Grund für die Beendigung waren betriebsbedingte Gründe. Die Abteilung, in der der Arbeitnehmer beschäftigt war, wurde geschlossen. Es gab keinen anderen Arbeitsplatz für den Kläger. Seine Kollegen waren auch alle betroffen. Es gab einen Interessenausgleich mit Sozialplan, der einen Wechsel in eine Transfergesellschaft für 2 Jahre und eine Abfindung vorsah. Der Kläger sah keine Möglichkeit, in dem UNternehmen zu bleiben. Die Möglichkeit gab es objektiv auch nicht und entschloss sich somit zum Abschluss des Aufhebungsvertrages.
Er beantragte Arbeitslosengeld und es wurde eine 90-tägige Sperrzeit verhängt, weil er seinen Arbeitsplatz ohne wichtigen Grund aufgegeben habe. Er klagte gegen den Bescheid, verlor beim Sozialgericht und gewann schließlich beim Landessozialgericht.

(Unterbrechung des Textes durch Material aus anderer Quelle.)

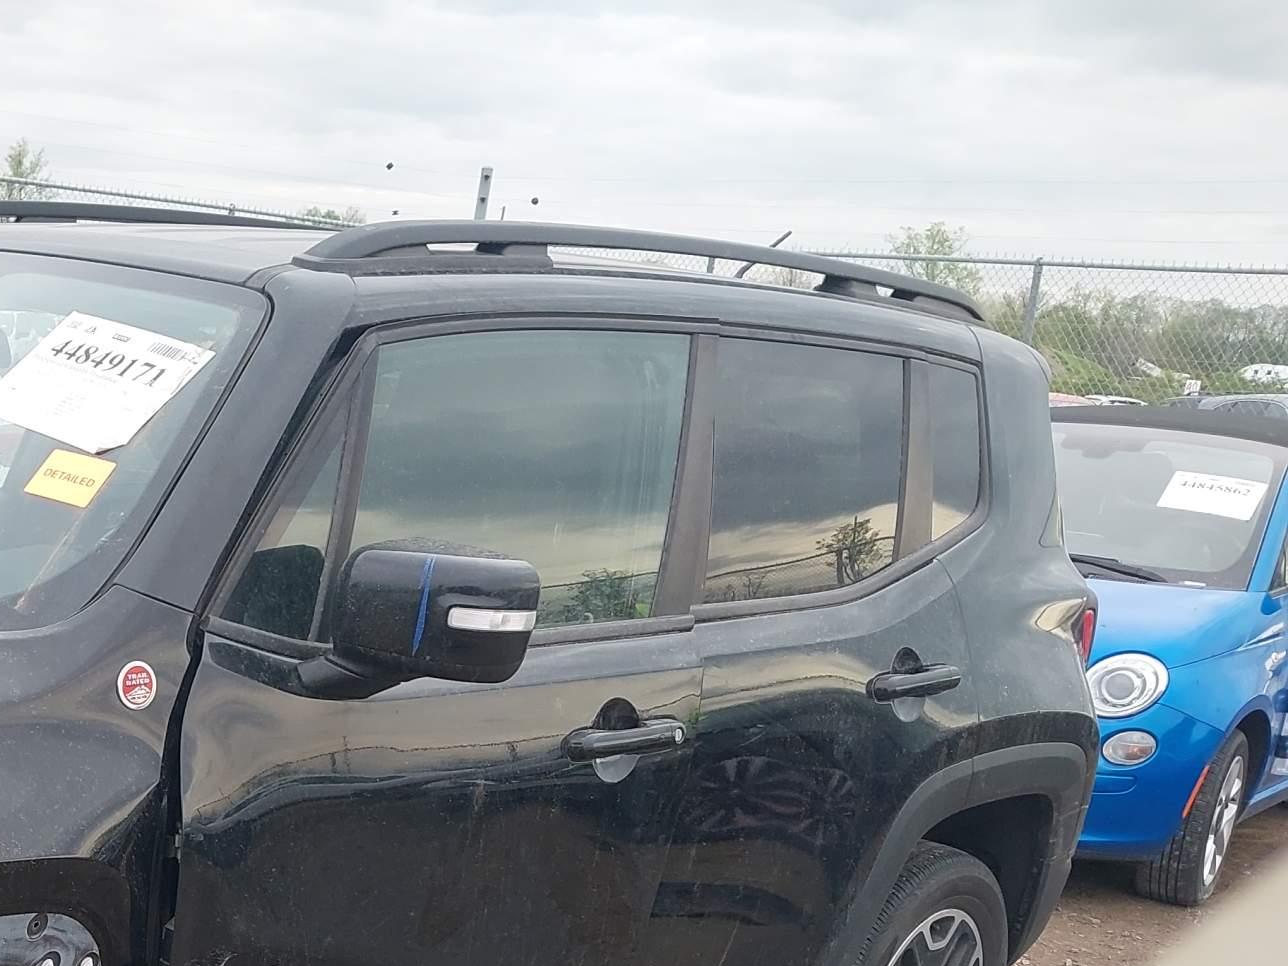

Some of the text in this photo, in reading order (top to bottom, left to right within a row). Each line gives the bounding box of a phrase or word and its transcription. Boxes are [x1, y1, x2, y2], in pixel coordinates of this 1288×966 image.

[50, 339, 167, 388] 44849171
[43, 468, 96, 488] DETAILED
[125, 678, 151, 687] RATED

Das Landessozialgericht argumentierte, dass dem Arbeitnehmer trotz „Unkündbarkeit“ aus wichtigem Grunde hätte gekündigt werden können. Ein solcher wichtiger Grund ist vorliegend gegeben. Man kann nun mal nicht an einem Arbeitsplatz festhalten wollen, der definitiv ersatzlos wegfällt und wenn es auch keine anderen Beschäftigungsmöglichkeiten gibt und wen auch durch Sozialauswahl kein Job im Unternehmen zu finden ist. Das Sozialgericht und die Agentur für Arbeit hatten diesen Standpunkt nämlich vertreten.
Das LSG berief sich auf die Rechtsprechung des Bundessozialgerichts: Das hatte zuletzt entschieden, dass eine Sperrzeit bei Abschluss eines Aufhebungsvertrages nicht verhängt werden darf, wenn ansonsten eine betriebsbedingte Kündigung ausgesprochen worden wäre und die Abfindung einen Faktor von 0,5 Bruttomonatsgehältern pro Beschäftigungsjahr nicht übersteigt.
Das LSG war nun der Ansicht, dass es sich im vorliegenden Fall auch um eine ausweglose Situation für den Arbeitnehmer handelte. Er hatte praktisch keine andere Möglichkeit, als den Aufhebungsvertrag anzunehmen. Ein Kündigungsschutz wurde nicht umgangen. Ihm hätte auch gekündigt werden können. Dann kann die Höhe der Abfindung keine Rolle mehr spielen.